Eastern Health’s audit to date has identified 3,800 exams since 2018 that “will require further review,” said Kenneth Baird (pictured), interim president and CEO, at a news conference Wednesday.
Labrador-Grenfell Health will send 2,530 images for a closer inspection, while Western Health is looking at 7,554 tests, for nearly 14,000 new tests in question.
That’s in addition to about 3,000 tests from Central Health already under review. That audit began last week after the health authority noticed it had been using out-of-date monitors to look at its mammography images.
Baird said the health authorities may need to look outside the province for radiologists to pore over more than 16,000 images and ensure diagnostic imaging can proceed normally.
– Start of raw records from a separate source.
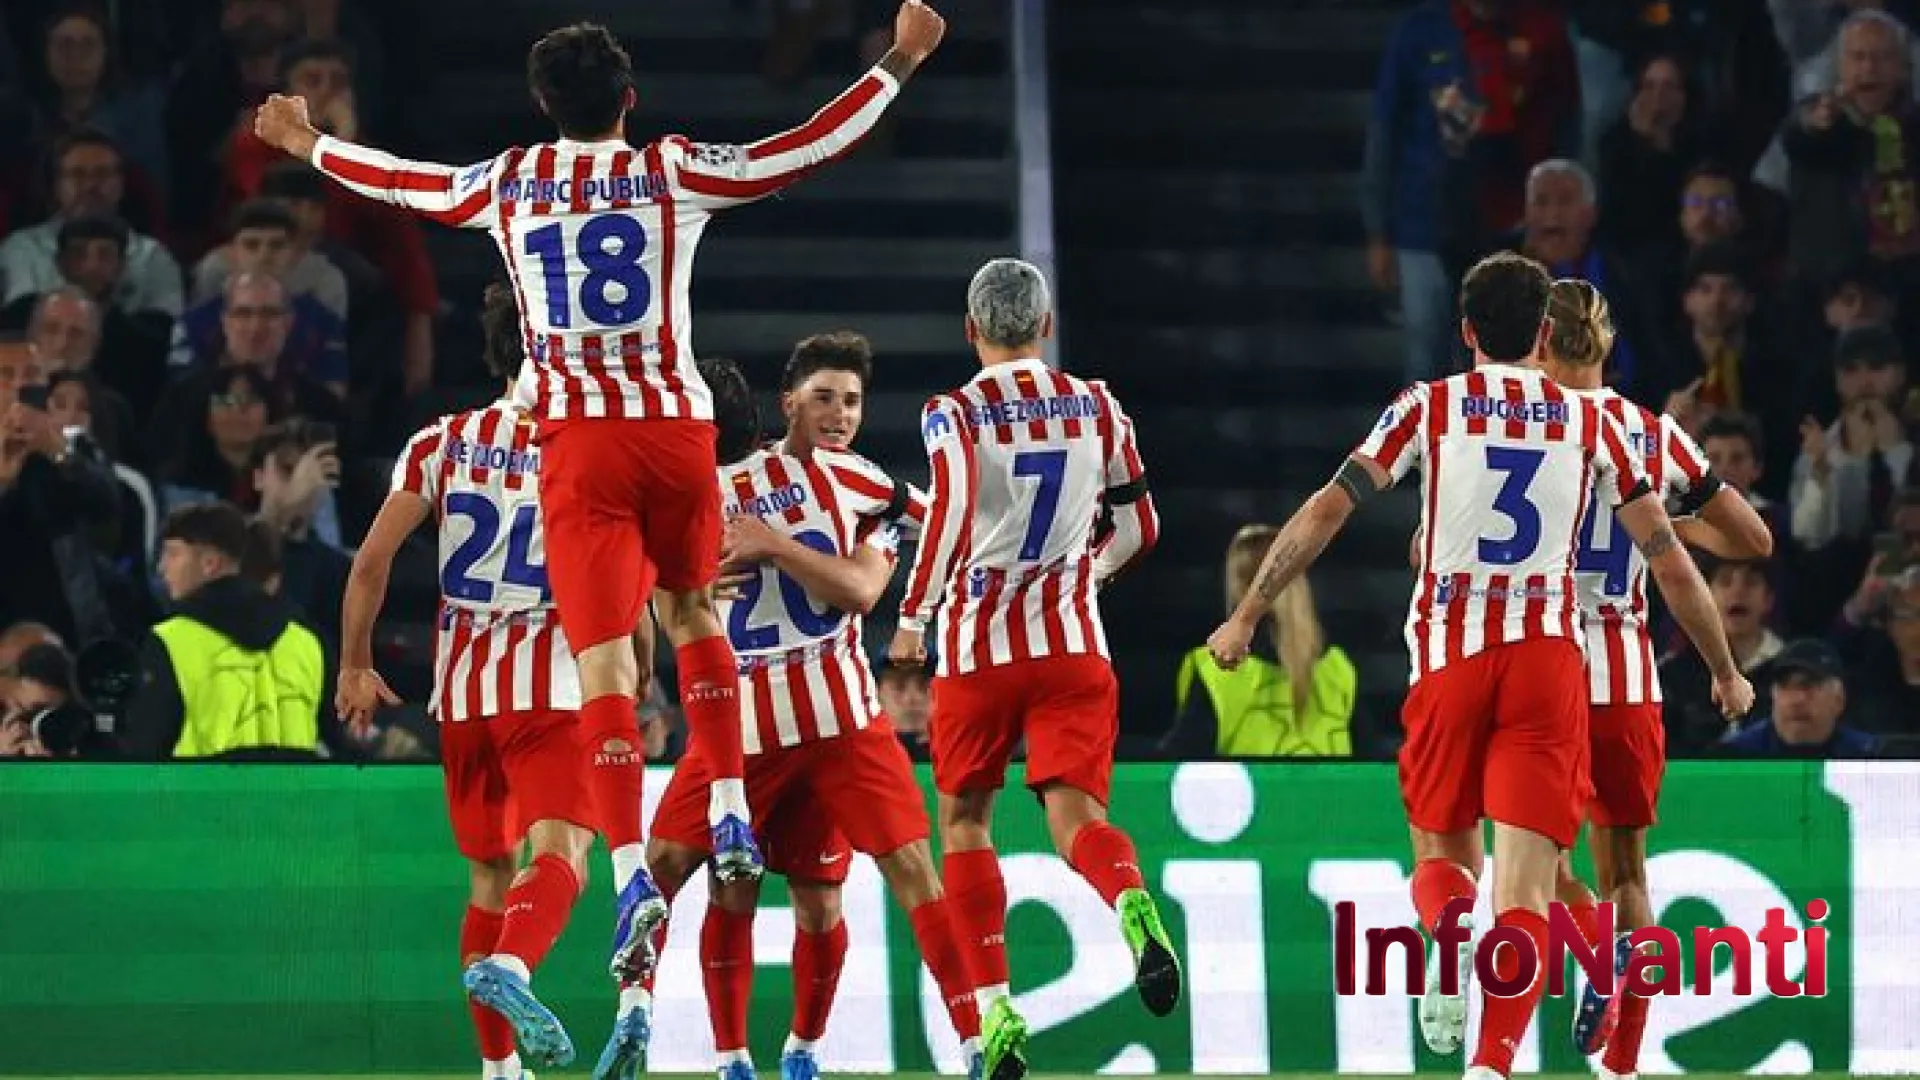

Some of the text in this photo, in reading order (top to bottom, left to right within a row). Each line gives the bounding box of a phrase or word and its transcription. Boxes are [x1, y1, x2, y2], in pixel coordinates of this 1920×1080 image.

[500, 178, 571, 203] MARC
[524, 213, 652, 328] 18
[472, 446, 539, 473] NORM
[1461, 396, 1569, 422] RUGGERI
[443, 492, 553, 602] 24
[1012, 450, 1068, 561] 7
[1477, 446, 1548, 565] 3
[728, 529, 846, 651] 20
Central Health said Monday it retained a radiologist to examine affected diagnostic images. That radiologist has reviewed images from 837 patients as of Aug. 26, and found four “potential discrepancies or differing interpretations.”
The potential errors may have occurred because employees had been reading the images on substandard monitors for the last three years, using three-megapixel monitors, which don’t meet the standards for viewing and interpreting mammograms. As of 2018, guidelines recommend a higher-quality, five-megapixel monitor to examine mammography images.
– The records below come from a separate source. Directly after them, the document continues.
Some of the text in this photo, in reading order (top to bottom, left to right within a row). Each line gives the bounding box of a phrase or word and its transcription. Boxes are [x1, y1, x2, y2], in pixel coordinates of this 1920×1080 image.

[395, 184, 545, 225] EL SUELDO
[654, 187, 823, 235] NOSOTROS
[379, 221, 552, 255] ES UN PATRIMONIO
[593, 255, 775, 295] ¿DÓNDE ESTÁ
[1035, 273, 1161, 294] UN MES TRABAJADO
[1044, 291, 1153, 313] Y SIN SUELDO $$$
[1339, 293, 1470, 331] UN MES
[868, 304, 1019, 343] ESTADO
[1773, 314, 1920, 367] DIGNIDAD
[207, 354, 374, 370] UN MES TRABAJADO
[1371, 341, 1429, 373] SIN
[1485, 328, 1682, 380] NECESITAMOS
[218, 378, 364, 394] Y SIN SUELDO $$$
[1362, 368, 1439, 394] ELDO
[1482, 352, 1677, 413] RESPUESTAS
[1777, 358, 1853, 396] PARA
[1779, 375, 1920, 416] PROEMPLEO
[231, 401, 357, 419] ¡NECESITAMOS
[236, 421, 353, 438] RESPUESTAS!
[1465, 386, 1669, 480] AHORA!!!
Dr. Angela Pickles, clinical chief of medical imaging at Eastern Health, told CBC News that it’s difficult to say whether lower-quality monitors are to blame for the four potential errors found to date. “We’re only human, and as we interpret any imaging … there’s always going to be slight differences in opinion,” she said. “In my experience it would be highly unlikely to be solely due to the monitors. It’s likely to do with … human error.”
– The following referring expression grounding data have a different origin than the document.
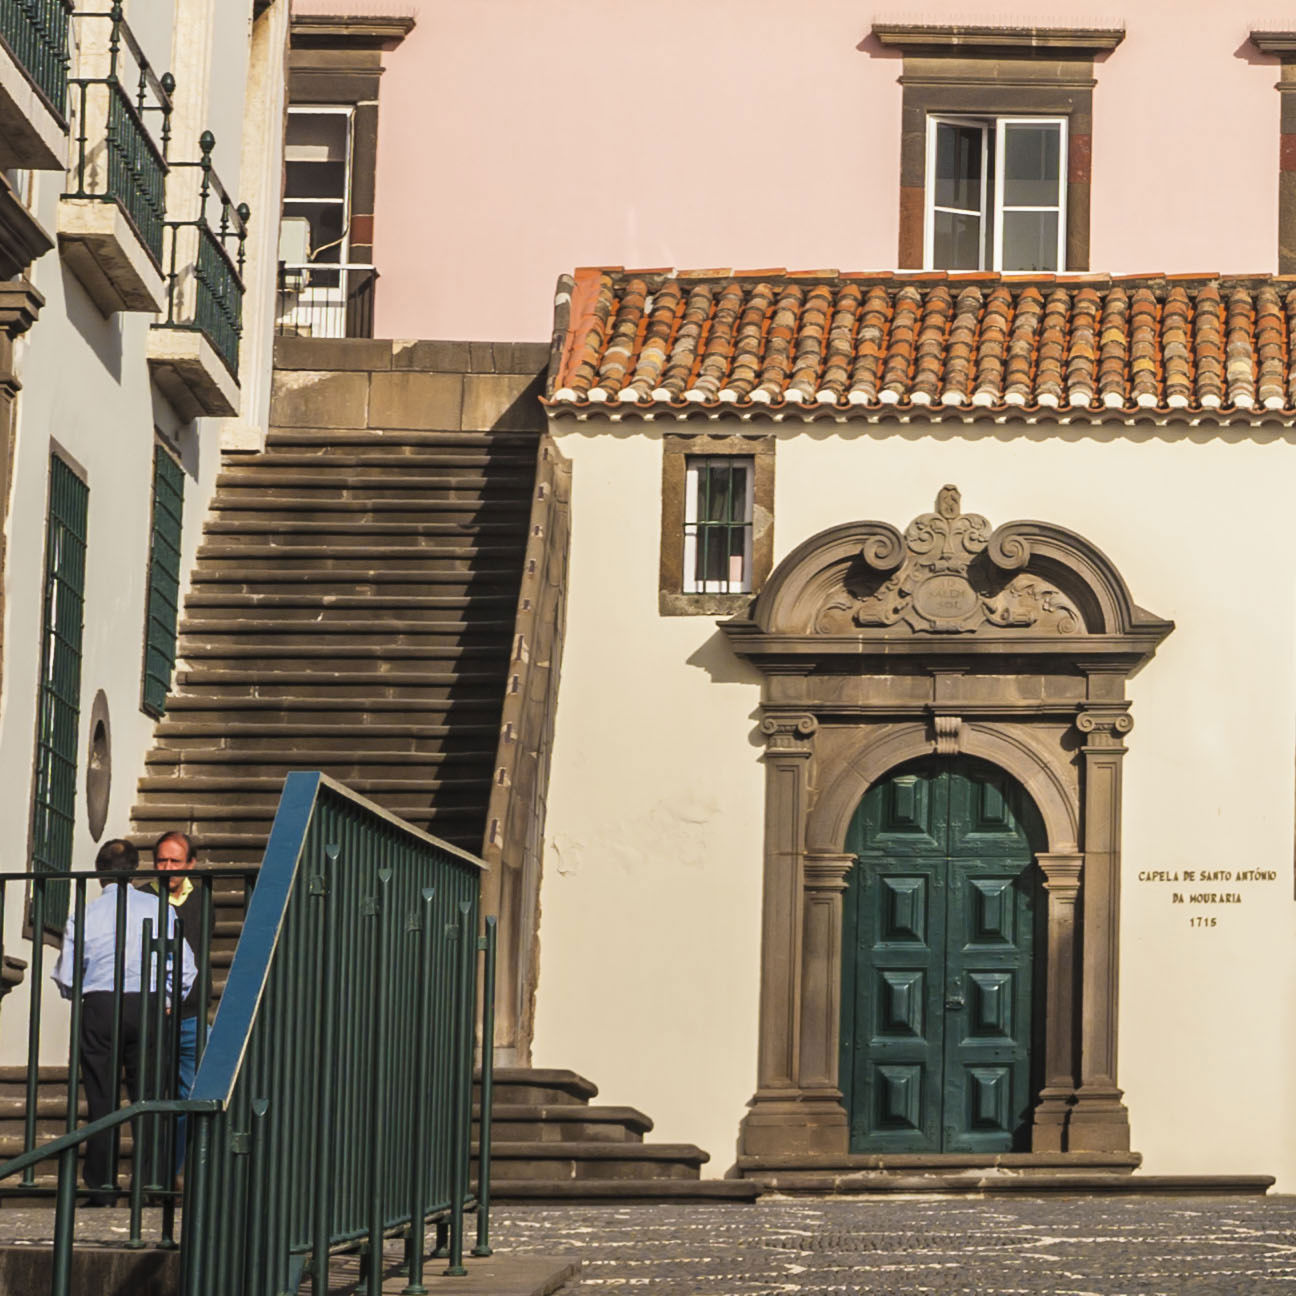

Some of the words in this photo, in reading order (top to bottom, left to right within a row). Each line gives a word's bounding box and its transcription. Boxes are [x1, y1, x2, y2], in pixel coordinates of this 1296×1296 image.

[1138, 871, 1179, 882] CAPELA
[1184, 871, 1195, 882] DE
[1200, 871, 1231, 882] SANTO
[1235, 867, 1276, 882] ANTÓNIO
[1172, 893, 1184, 904] DA
[1189, 893, 1241, 904] MOURARIA
[1190, 917, 1216, 927] 1715
The loss of the lower-quality workstations, Baird said, shouldn’t affect current procedures. “There is no implication here for the quality of mammography service,” he told reporters. “This is very limited in scope, to the monitor that has been used to review the mammography image. It’s not going to impact on … availability.”
The audit comes a decade after a judicial inquiry, known as the Cameron inquiry, found that Eastern Health failed patients with shoddy laboratory work and “practically non-existent” quality controls, after it gave nearly 400 breast cancer patients incorrect hormone receptor test results.
“We have concerns about what went wrong. Where was the oversight? Where were the checks and balances?” asked interim PC Leader David Brazil later Wednesday, speaking to reporters at the House of Assembly.
“Did people follow anything that we learned from the Cameron inquiry? Why was it that more people weren’t engaged earlier in this whole process, and who’s responsible for what’s happened?
“Somebody has not done their job here. Somebody needs to be accountable for not following the process that had already been identified.”